At the end of this period the applicant will be required to continue to affirm their decision to seek a divorce before the divorce is granted.
The government says this will give a “meaningful period of reflection” and the “opportunity to turn back”.
In addition, a new option will allow couples to apply for a divorce jointly.
Analysis: Old system was not letting couples move on
By the BBC’s legal correspondent Clive Coleman
The introduction of a “no fault” system is huge. It represents the biggest change in divorce law in 50 years.
Why has it happened?
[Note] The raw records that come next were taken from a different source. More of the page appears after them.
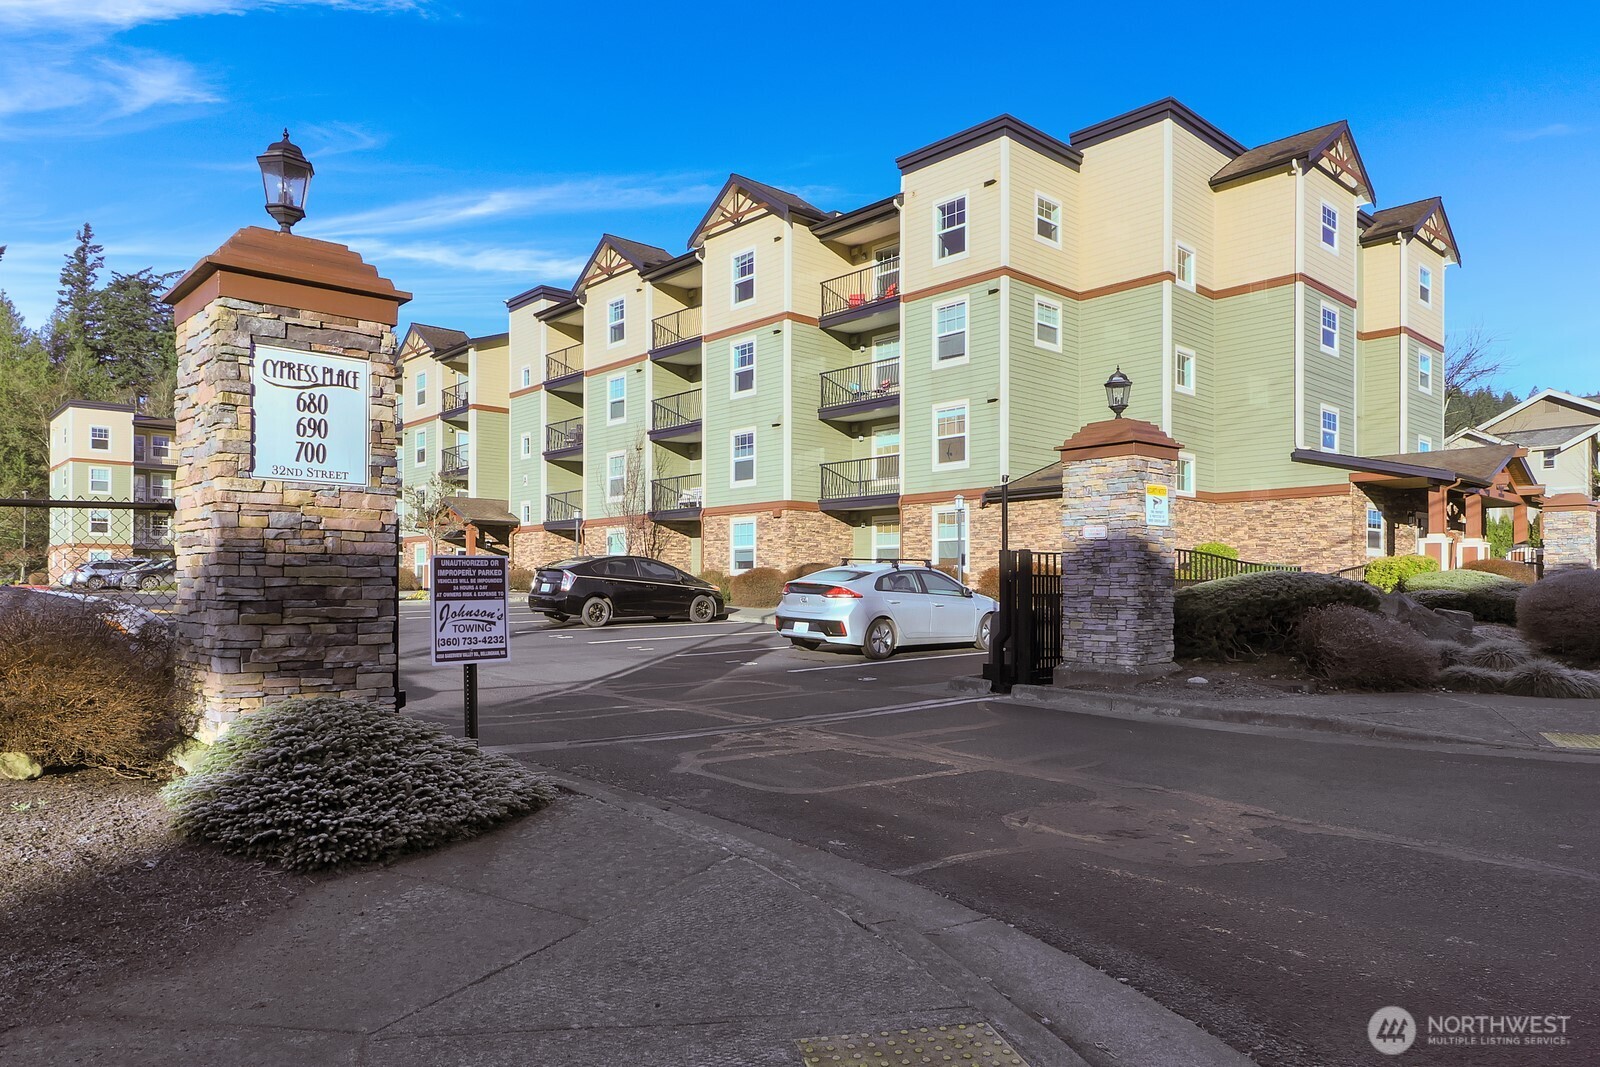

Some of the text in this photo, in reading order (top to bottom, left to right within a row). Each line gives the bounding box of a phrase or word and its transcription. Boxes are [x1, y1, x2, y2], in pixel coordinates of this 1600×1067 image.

[262, 358, 360, 389] CYPRESS PLACE
[296, 391, 329, 415] 680
[296, 416, 329, 439] 690
[295, 441, 327, 464] 700
[272, 465, 349, 480] 32ND STREET
[490, 559, 499, 567] OR
[437, 569, 477, 577] IMPROPERLY
[439, 603, 504, 633] Johnson's
[452, 624, 493, 633] TOWING
[437, 635, 505, 648] (360) 733-4232
Because the current fault-based divorce system is now seen by many to exacerbate the stress and tension of an already highly stressful time.
Critically it exposes children to the damaging impact of ongoing conflict between their parents both during the divorce and afterwards.
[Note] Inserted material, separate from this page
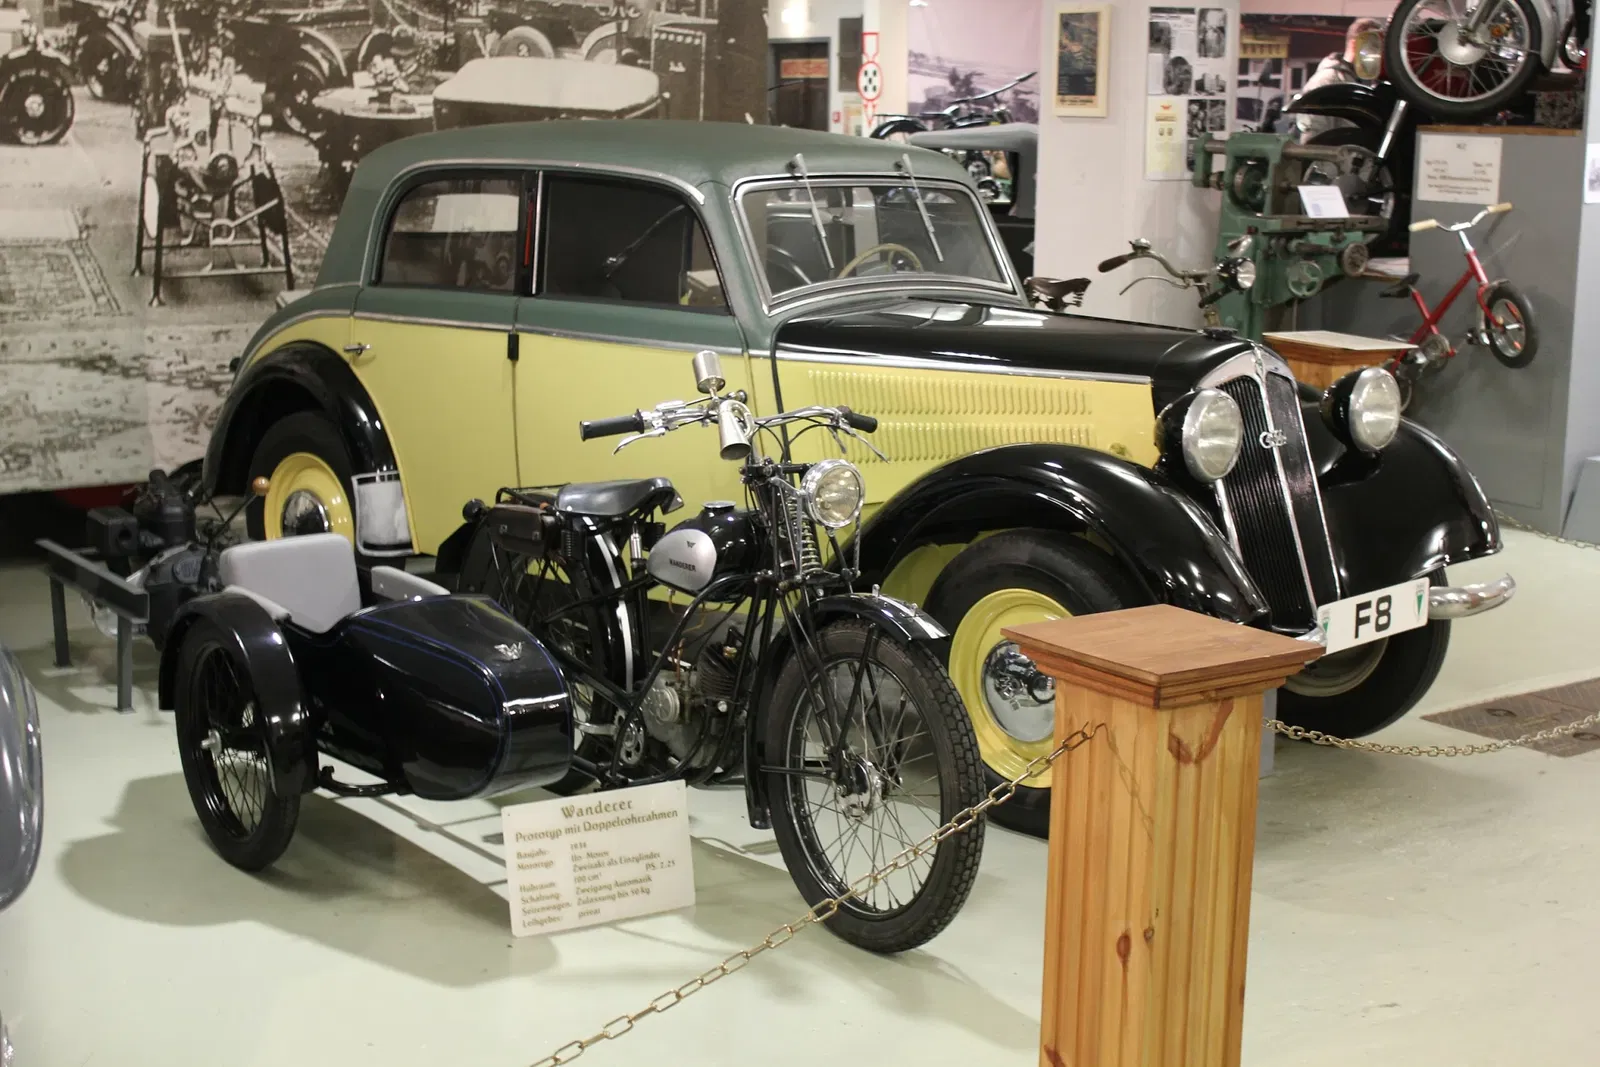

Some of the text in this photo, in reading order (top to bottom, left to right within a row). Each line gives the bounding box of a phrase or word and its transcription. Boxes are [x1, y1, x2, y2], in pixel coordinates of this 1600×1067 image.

[669, 558, 697, 573] WANDERER
[1354, 594, 1392, 640] F8
[560, 800, 632, 818] Wanderer
[515, 808, 678, 843] Prototyp mit Doppelrohrrahmen
While the wider family justice system attempts to help people to resolve issues in a non-confrontational way, the legal divorce process can make this more difficult because of the way it throws fault and blame into the mix when spouses are trying to end their relationship and make sensible living arrangements for their children.
Under the current system, parents who need to continue to work together in their children’s best interests can struggle to overcome feelings of hostility and bitterness caused by the use of the “fault” simply to satisfy a legal process.
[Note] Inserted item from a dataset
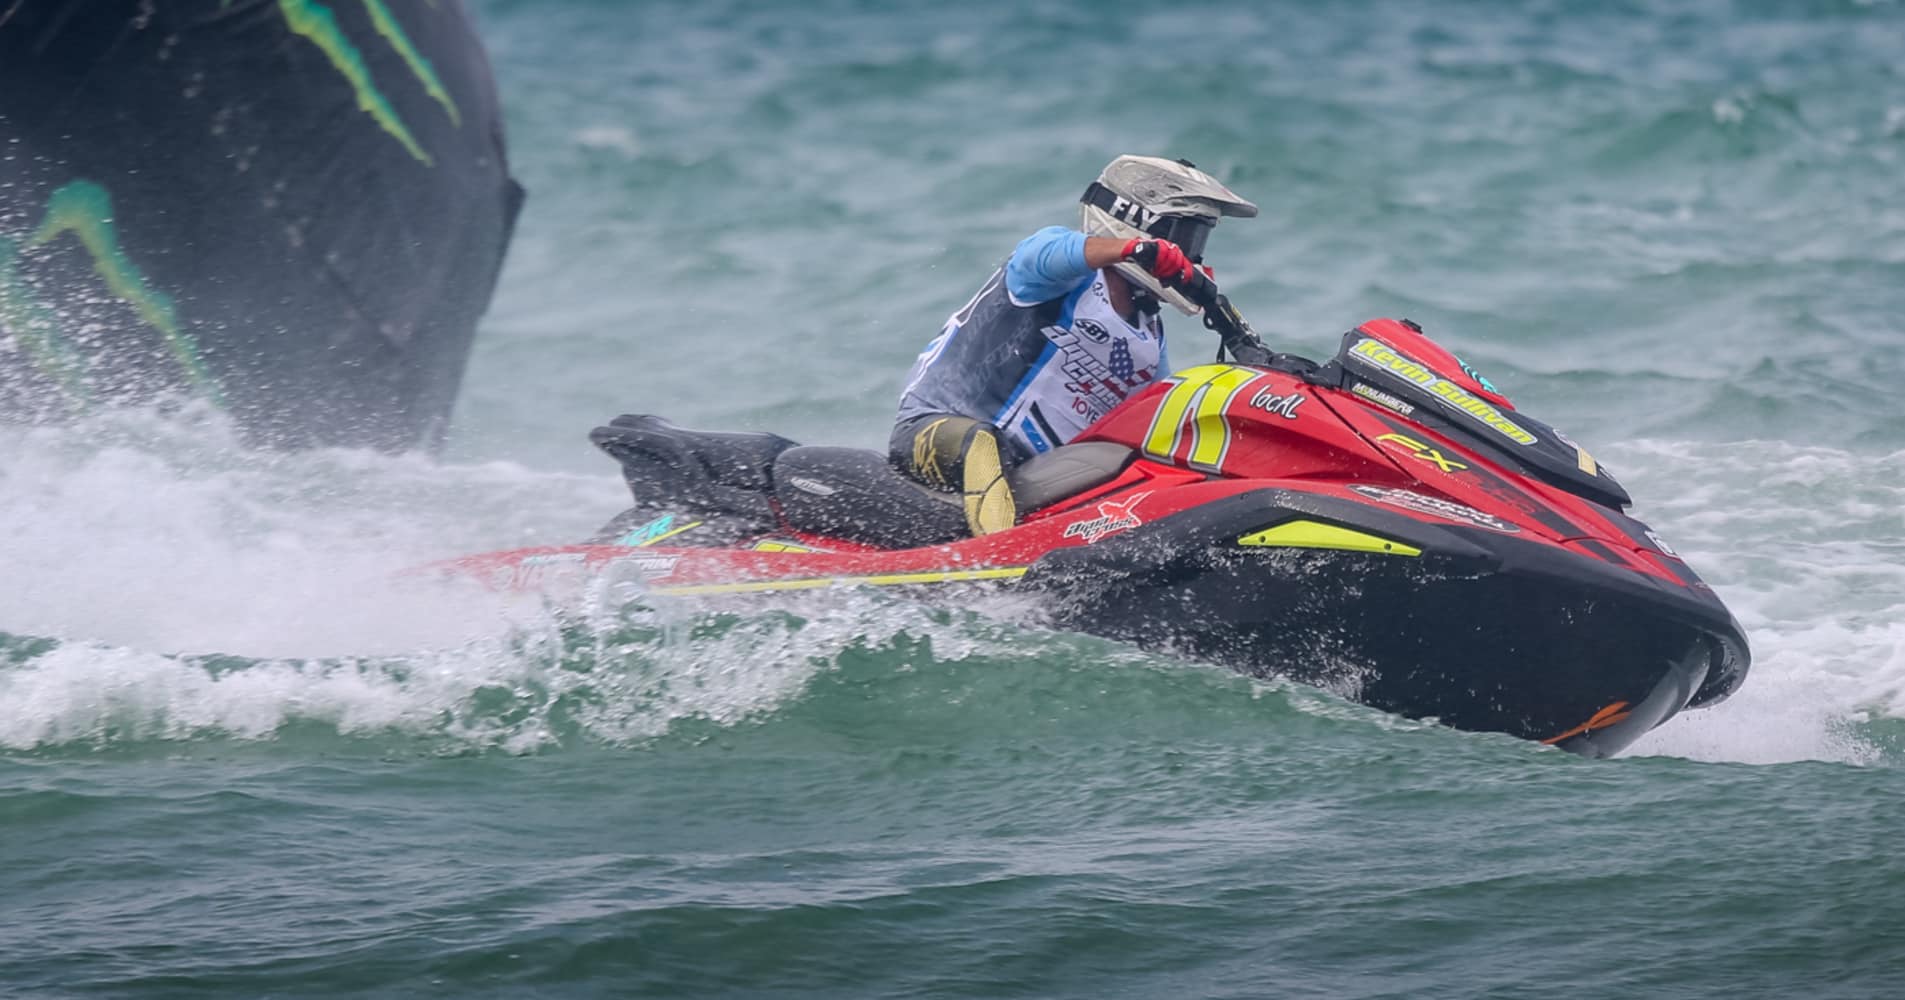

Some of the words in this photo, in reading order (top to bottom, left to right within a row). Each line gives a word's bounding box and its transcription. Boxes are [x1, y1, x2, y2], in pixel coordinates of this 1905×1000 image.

Fault, blame and having to prove two or five years separation were not seen to be helping couples move on with their lives – and that’s why they are being consigned to legal history.
The plans come after a 12-week public consultation which showed widespread support for no-fault divorce.
Mr Gauke said overhauling divorce law could help prevent conflict between parents, which in turn risk damaging their children’s futures.
The blame element can cause “incredible animosity” between separating parents, Aidan Jones, chief executive of the charity Relate, told BBC News.
He said: “That’s what can cause difficultly for the children but also it can cause difficulty for the parents themselves, so anything we can do to reduce that is, I think, incredibly important.”
Divorce lawyer Zahra Pabani, family partner at Shakespeare Martineau, welcomed the announcement and called on the government to help move family law “into the 21st Century”.
“The wounds of divorce aren’t only felt by the separating couple, but also by their children and wider family,” she said.
“This firm commitment by the government to help end the mud-slinging process that divorce so often becomes is long overdue.”
Amelia Jacob, who is currently going through a divorce, responded to critics of the planned changes, saying she could not see how making divorce less antagonistic would cause a “more relaxed attitude” to marriage.
She told BBC Radio 5live: “There’s an imbalance between how easy it is to get married and how hard it is to get divorced that probably needs to be looked at.
“I don’t think anyone sits down and thinks ‘oh well, I guess it’s not worked out so we’ll just chuck it all away’.”
Grounds for divorce in England, Wales and Northern Ireland
People who apply for a divorce must prove their marriage has broken down and give one of the following five reasons:
- Unreasonable behaviour
- The couple has lived apart for more than two years and both agree to the divorce
- The couple has lived apart for at least five years, even if one partner disagrees
Ground for divorce in Scotland:
In Scotland, simplified divorce procedure is available to couples without children of the marriage under 16, where people can prove their marriage is broken down. This can happen with one year’s separation, with the consent of both partners, or two years separation without consent.
Otherwise, there are two legal grounds for divorce:
1) The marriage has broken down irretrievably, which must be proved by:
- Unreasonable behaviour
- The couple has lived apart for more than one year and both agree to the divorce
- The couple has lived apart for more than two years, but one does not agree to divorce
2) One partner has an interim gender recognition certificate – issued to a transsexual person who is starting the legal process of recognition of their acquired gender.